Task details:
Without including the pictures, copy out every line below.
++++++++
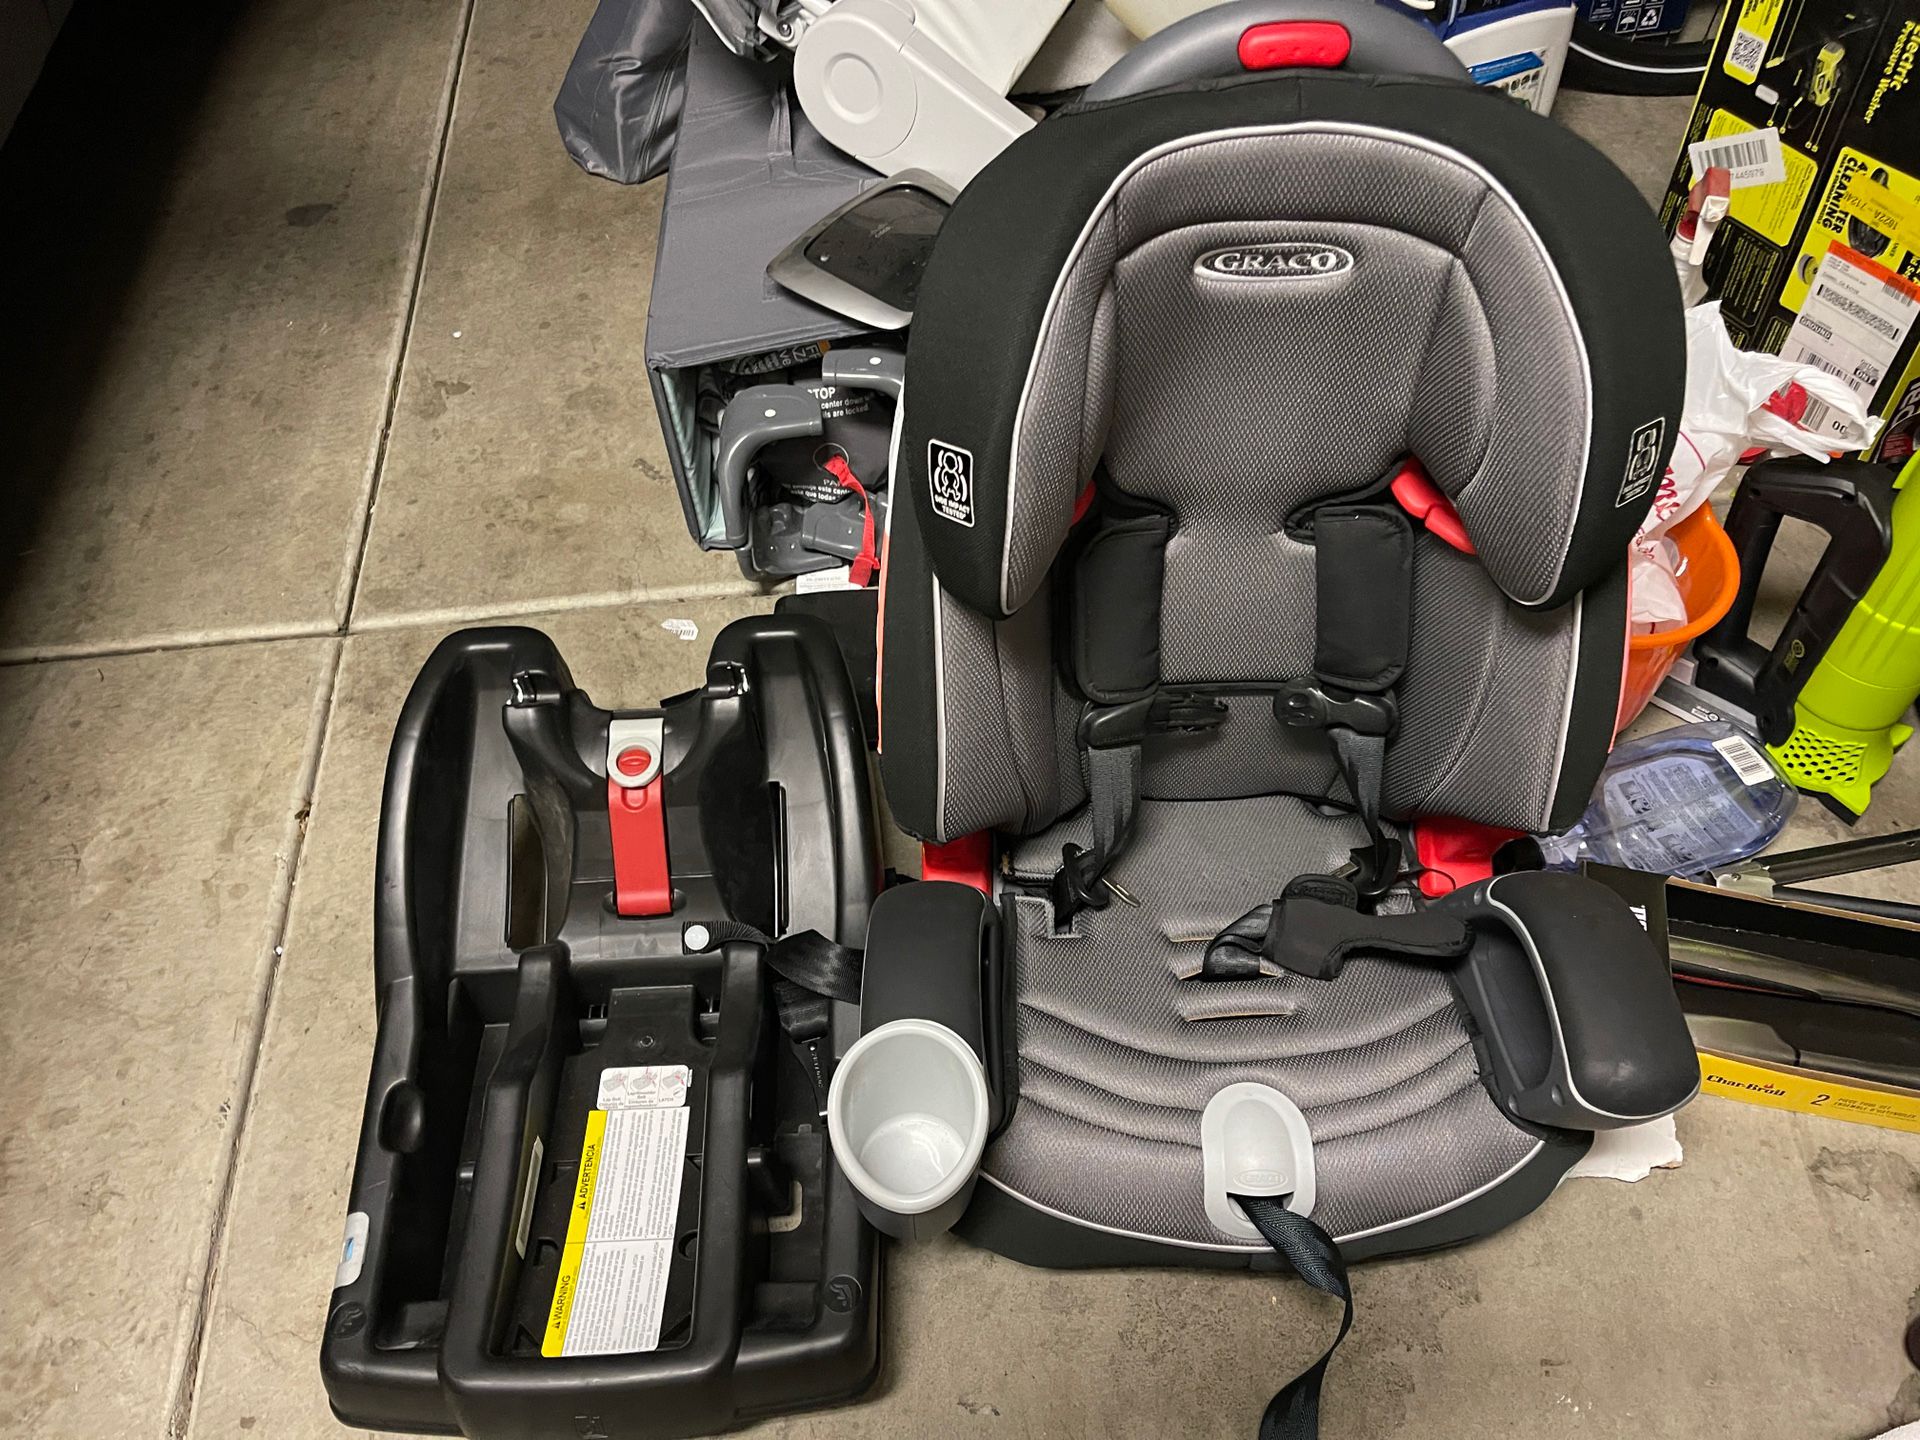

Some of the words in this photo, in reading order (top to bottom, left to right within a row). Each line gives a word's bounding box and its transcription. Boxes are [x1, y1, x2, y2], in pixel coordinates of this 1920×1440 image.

[1884, 20, 1916, 75] Pressure
[1864, 78, 1891, 124] Washer
[1822, 156, 1858, 229] CLEANING
[1214, 252, 1337, 271] GRACO
[821, 400, 843, 410] center
[832, 409, 844, 418] are
[1706, 1074, 1787, 1097] Char-Broil
[1810, 1093, 1831, 1107] 2
[579, 1143, 596, 1199] ADVERTENCIA
[553, 1274, 571, 1321] WARNING
++++++++
Response to the exercise:
Some of the words in this photo, in reading order (top to bottom, left to right within a row). Each line gives a word's bounding box and its transcription. Boxes are [x1, y1, x2, y2], in pixel coordinates of this 1920×1440 image.

[1884, 20, 1916, 75] Pressure
[1864, 78, 1891, 124] Washer
[1822, 156, 1858, 229] CLEANING
[1214, 252, 1337, 271] GRACO
[821, 400, 843, 410] center
[832, 409, 844, 418] are
[1706, 1074, 1787, 1097] Char-Broil
[1810, 1093, 1831, 1107] 2
[579, 1143, 596, 1199] ADVERTENCIA
[553, 1274, 571, 1321] WARNING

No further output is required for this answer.